Strain AVB101, an E. coli B strain (hsdR, lon11, sulA1), contains pBirAcm , an IPTG inducible plasmid containing the BirA gene engineered into pACYC184. It is compatible with most cloning vectors and is maintained with Chloramphenicol (10 μg/ml). This strain is recommended for protein expression because of its robust growth and the absence of the OmpT and Lon proteases.
At the time of induction, Biotin should be added at a concentration of 50 μM. The pAN and pAC vectors containing the AviTagTM require ampicillin (100 μg/ml).
Cells are supplied as a 0.5 ml liquid culture in 30% glycerol. Store at -80°C.

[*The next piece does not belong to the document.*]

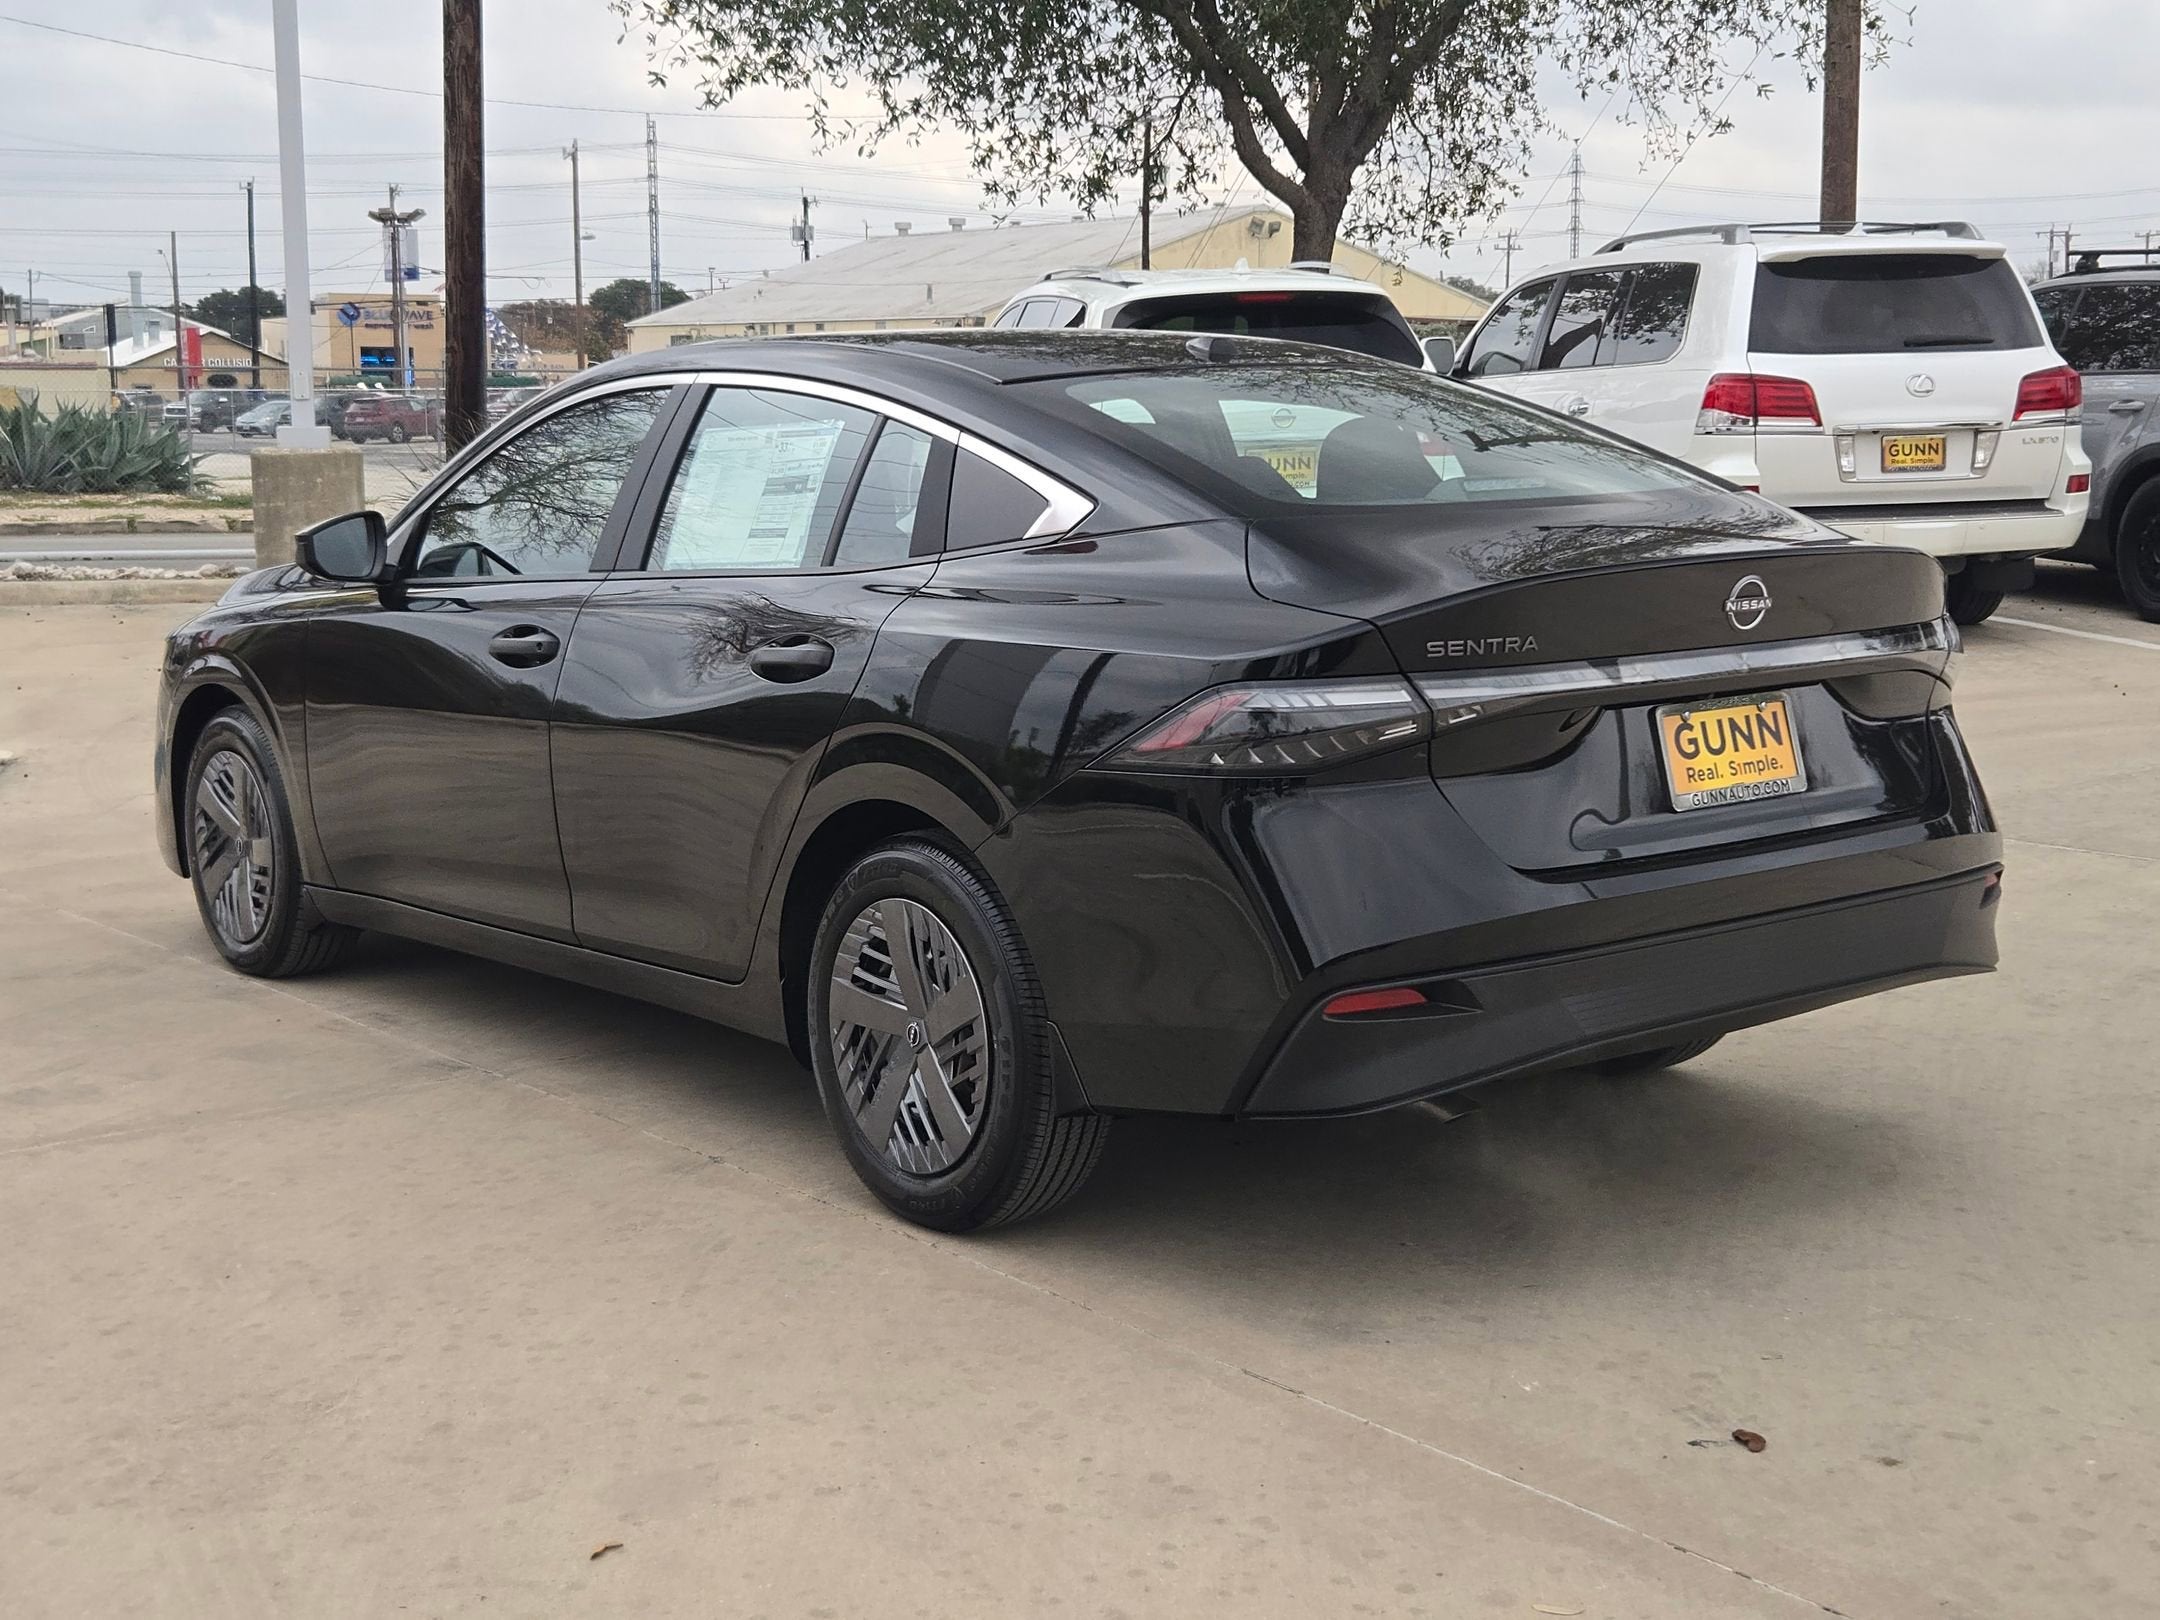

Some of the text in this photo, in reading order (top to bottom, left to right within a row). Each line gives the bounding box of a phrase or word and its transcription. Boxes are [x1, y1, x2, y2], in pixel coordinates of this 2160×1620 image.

Note: AVB101 cells are not competent. For BirA expressing competent cells please look at related products.
What vectors are compatible with AVB101?
Most expression vectors that are used in laboratories today are derive from the colE1 plasmid which includes pBR322, pUC, pGEM, pBAD and are compatible with AVB101. If you want to avoid a two plasmid system you could also use AVB100 where the BirA encoded on the bacterial chromosome and is expressed via the arabinose promoter.
Why is chloramphenicol not added to the growth/induction media to maintain the BIP-300 plasmid when it is used in the initial overnight culture? (relevant only if AVB101 E. coli is used as the host strain)
We find that the chloramphenicol is not necessary at this point to maintain the pBirAcm BirA over-expression plasmid. It is well enough maintained because of its low copy number.